Unofficial aid czar has a record of corrupt dealings
By Jane Yager,  Newser Staff
Posted Jan 25, 2010 5:52 AM CST
Clinton-Led Recovery Is the Last Thing Haiti Needs
Former U.S. President Bill Clinton helps to unload a delivery of medical supplies at the Central Hospital January 18, 2010 in Port-au-Prince, Haiti.   (Getty Images)

Bill Clinton's high-profile, perpetually teary-eyed presence on the ground in Haiti has snagged him the unofficial role of aid czar in the rebuilding effort, Mary Anastasia O'Grady writes in the Wall Street Journal, and that's very bad news for Haitians. As president, O'Grady writes, Clinton did plenty to show he shouldn't be trusted to rebuild the country: He "propped up a corrupt despot who proceeded to go into business with key Democrats and left the country poorer, institutionally bereft and riddled with political violence."

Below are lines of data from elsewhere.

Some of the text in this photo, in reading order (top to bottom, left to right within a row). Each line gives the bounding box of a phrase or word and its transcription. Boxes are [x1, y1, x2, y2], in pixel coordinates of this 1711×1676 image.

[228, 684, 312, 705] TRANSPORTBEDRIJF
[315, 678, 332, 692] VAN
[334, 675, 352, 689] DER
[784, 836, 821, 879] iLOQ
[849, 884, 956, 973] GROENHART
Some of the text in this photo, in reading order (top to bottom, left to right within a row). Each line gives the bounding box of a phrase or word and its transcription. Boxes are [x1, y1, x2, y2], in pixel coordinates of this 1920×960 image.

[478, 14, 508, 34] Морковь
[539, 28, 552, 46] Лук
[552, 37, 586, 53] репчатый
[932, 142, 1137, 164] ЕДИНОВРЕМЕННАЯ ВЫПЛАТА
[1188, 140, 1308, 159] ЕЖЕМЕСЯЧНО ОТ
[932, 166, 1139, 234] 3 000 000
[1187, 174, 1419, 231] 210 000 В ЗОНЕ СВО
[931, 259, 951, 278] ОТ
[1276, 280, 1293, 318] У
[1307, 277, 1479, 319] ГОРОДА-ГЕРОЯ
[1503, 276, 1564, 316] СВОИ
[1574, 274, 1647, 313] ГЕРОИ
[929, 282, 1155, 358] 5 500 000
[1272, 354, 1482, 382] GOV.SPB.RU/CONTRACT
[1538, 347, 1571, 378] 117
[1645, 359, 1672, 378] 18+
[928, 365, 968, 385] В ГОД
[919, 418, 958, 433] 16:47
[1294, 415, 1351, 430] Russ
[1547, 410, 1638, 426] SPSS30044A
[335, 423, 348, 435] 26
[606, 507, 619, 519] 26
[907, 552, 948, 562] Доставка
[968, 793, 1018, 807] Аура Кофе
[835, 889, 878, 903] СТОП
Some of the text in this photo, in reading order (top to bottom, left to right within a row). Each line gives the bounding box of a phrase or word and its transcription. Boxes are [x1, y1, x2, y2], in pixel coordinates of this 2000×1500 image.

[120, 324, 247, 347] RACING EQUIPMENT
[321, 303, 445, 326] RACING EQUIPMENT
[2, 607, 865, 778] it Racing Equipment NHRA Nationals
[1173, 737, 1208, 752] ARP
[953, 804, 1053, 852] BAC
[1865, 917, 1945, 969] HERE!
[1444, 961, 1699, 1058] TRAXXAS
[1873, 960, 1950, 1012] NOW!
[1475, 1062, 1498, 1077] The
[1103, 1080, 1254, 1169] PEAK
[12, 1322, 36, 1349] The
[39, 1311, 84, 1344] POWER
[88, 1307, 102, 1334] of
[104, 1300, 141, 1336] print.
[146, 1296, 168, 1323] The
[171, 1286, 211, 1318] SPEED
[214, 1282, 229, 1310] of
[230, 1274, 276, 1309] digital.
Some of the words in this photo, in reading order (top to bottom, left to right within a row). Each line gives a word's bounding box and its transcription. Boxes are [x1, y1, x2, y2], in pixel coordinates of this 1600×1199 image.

The Clinton administration, she argues, "never did anything" to combat the rampant corruption and human rights abuses of the Aristide regime. Furthermore, Clinton allies were behind a shady telecom deal with Aristide that deprived the Haitian treasury of "urgently needed foreign currency." Haiti can only develop, O'Grady writes, if it relies "less on cronyism and more on transparency. That would disqualify Bill Clinton."